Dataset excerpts
╭──

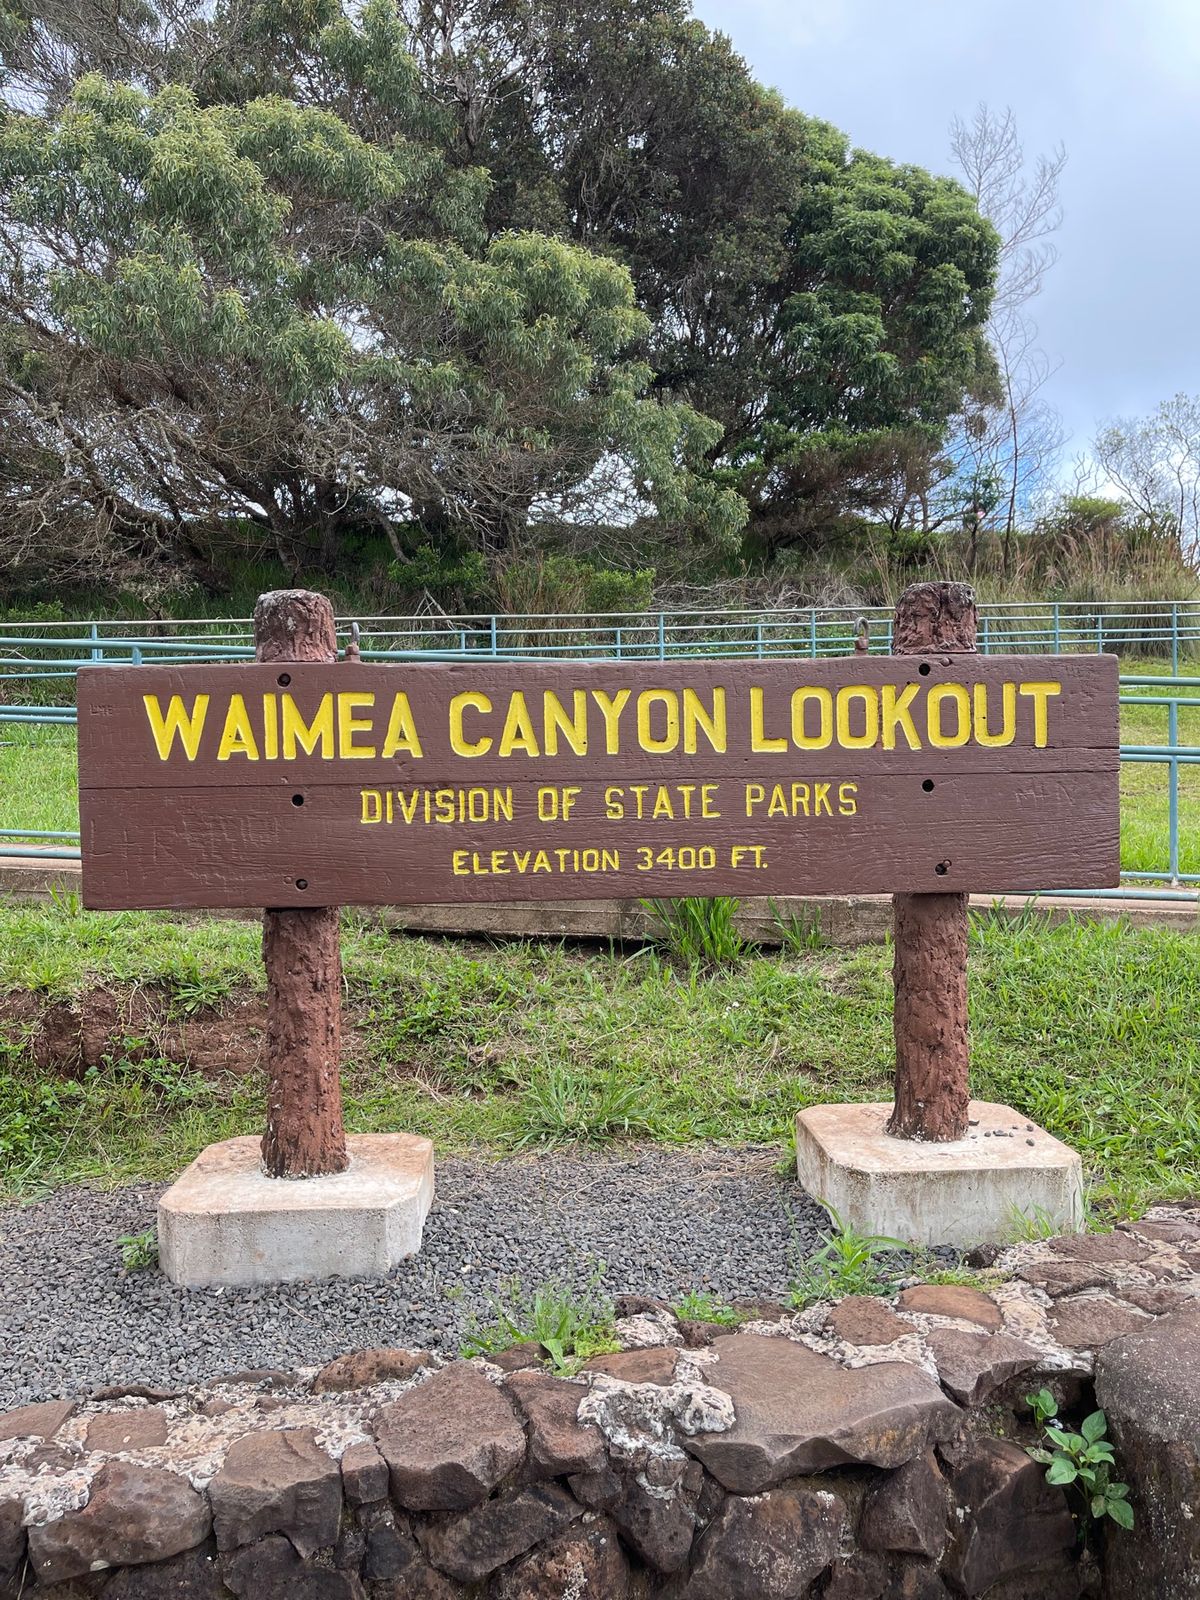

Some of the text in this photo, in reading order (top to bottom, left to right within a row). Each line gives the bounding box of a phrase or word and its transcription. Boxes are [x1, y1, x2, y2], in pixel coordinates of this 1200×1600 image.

[143, 681, 1062, 762] WAIMEA CANYON LOOKOUT
[360, 781, 859, 825] DIVISION OF STATE PARKS
[452, 843, 769, 876] ELEVATION 3400 FT.
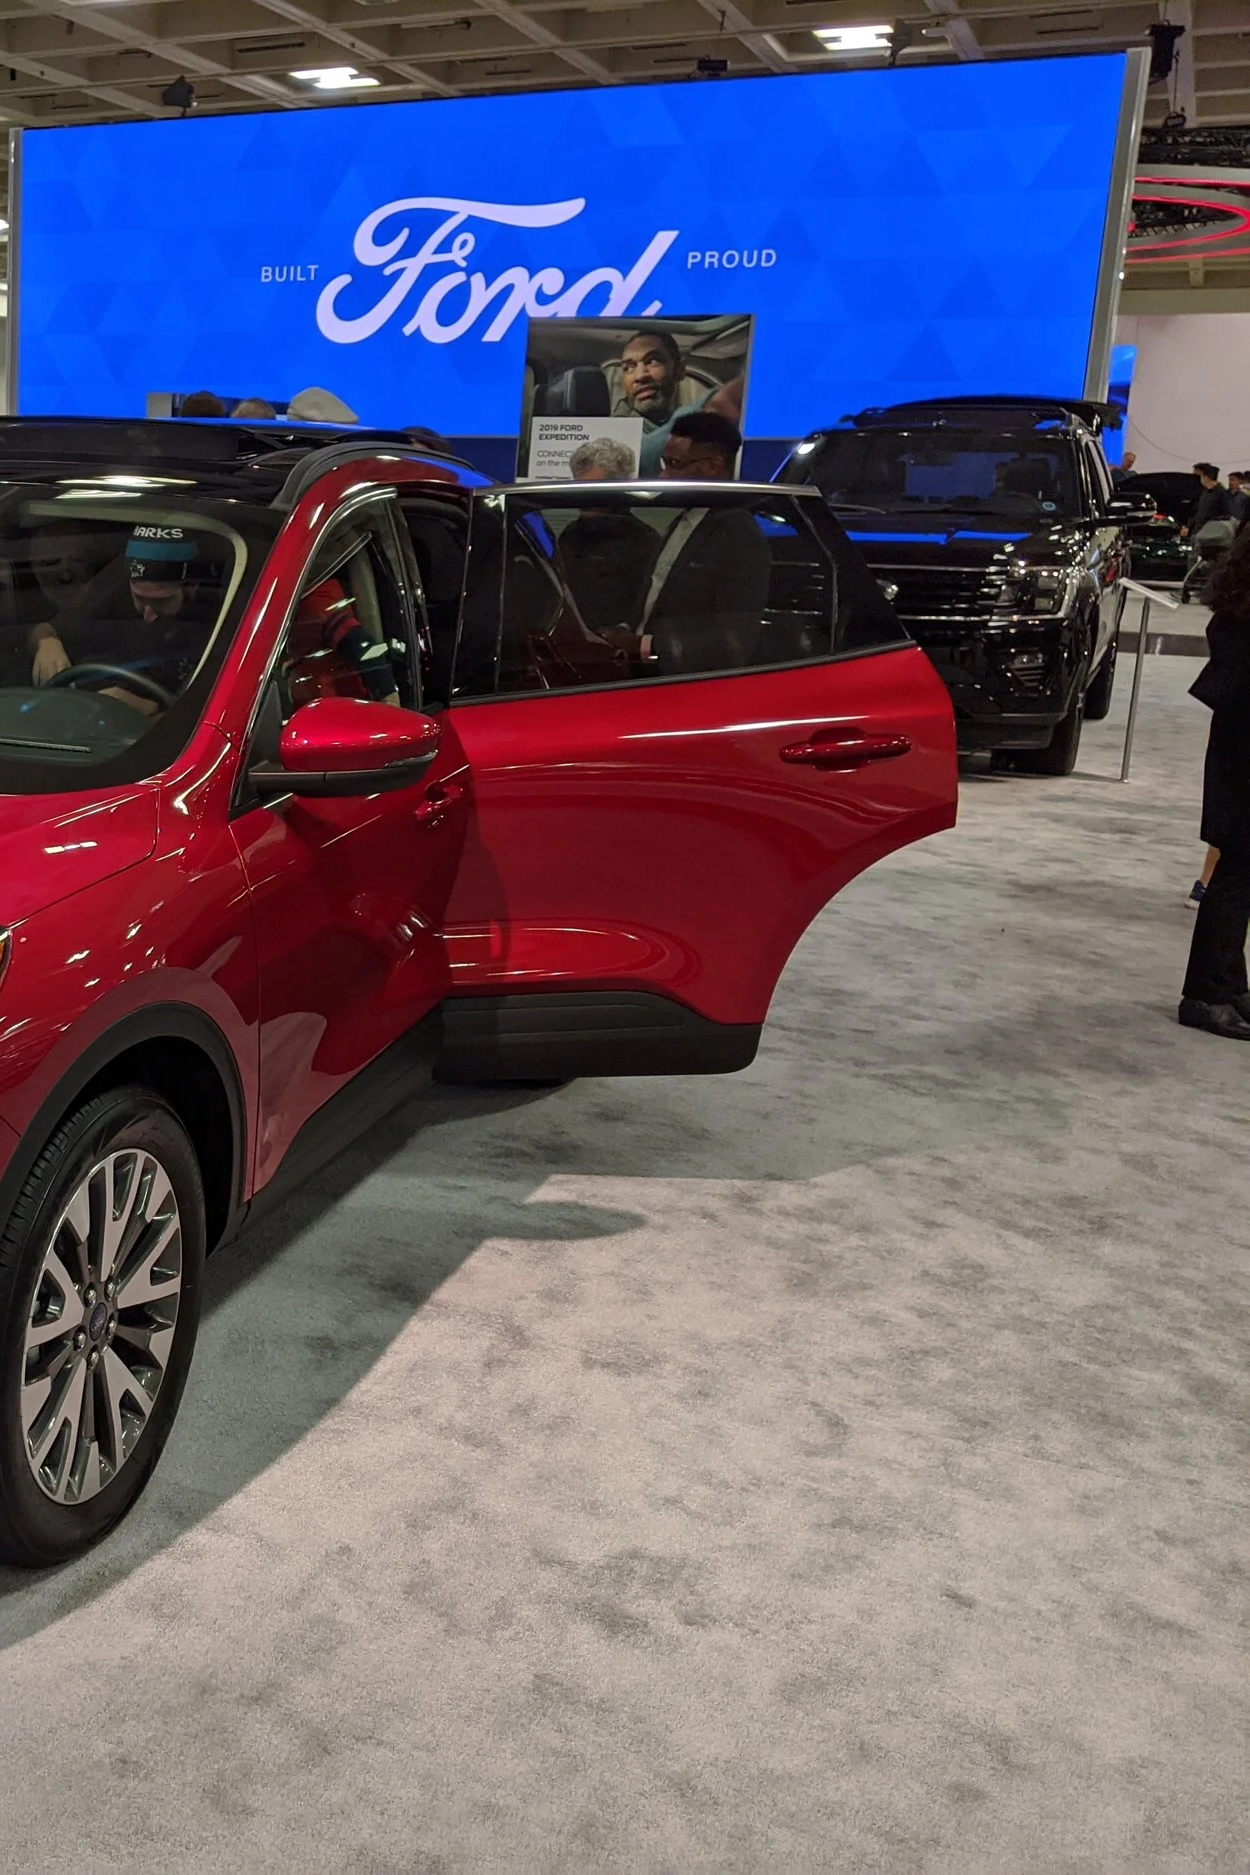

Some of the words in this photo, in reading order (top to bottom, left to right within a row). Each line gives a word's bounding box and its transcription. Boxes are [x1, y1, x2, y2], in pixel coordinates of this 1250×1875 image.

[260, 264, 319, 282] BUILT
[686, 249, 777, 270] PROUD
[539, 424, 559, 432] 2019
[559, 424, 584, 432] FORD
[538, 433, 590, 441] EXPEDITION

╰──

Assignment
From the first line to the last, repeat the records above exactly, leaving out the pictures.

Task response
Some of the text in this photo, in reading order (top to bottom, left to right within a row). Each line gives the bounding box of a phrase or word and its transcription. Boxes are [x1, y1, x2, y2], in pixel coordinates of this 1200×1600 image.

[143, 681, 1062, 762] WAIMEA CANYON LOOKOUT
[360, 781, 859, 825] DIVISION OF STATE PARKS
[452, 843, 769, 876] ELEVATION 3400 FT.

Some of the words in this photo, in reading order (top to bottom, left to right within a row). Each line gives a word's bounding box and its transcription. Boxes are [x1, y1, x2, y2], in pixel coordinates of this 1250×1875 image.

[260, 264, 319, 282] BUILT
[686, 249, 777, 270] PROUD
[539, 424, 559, 432] 2019
[559, 424, 584, 432] FORD
[538, 433, 590, 441] EXPEDITION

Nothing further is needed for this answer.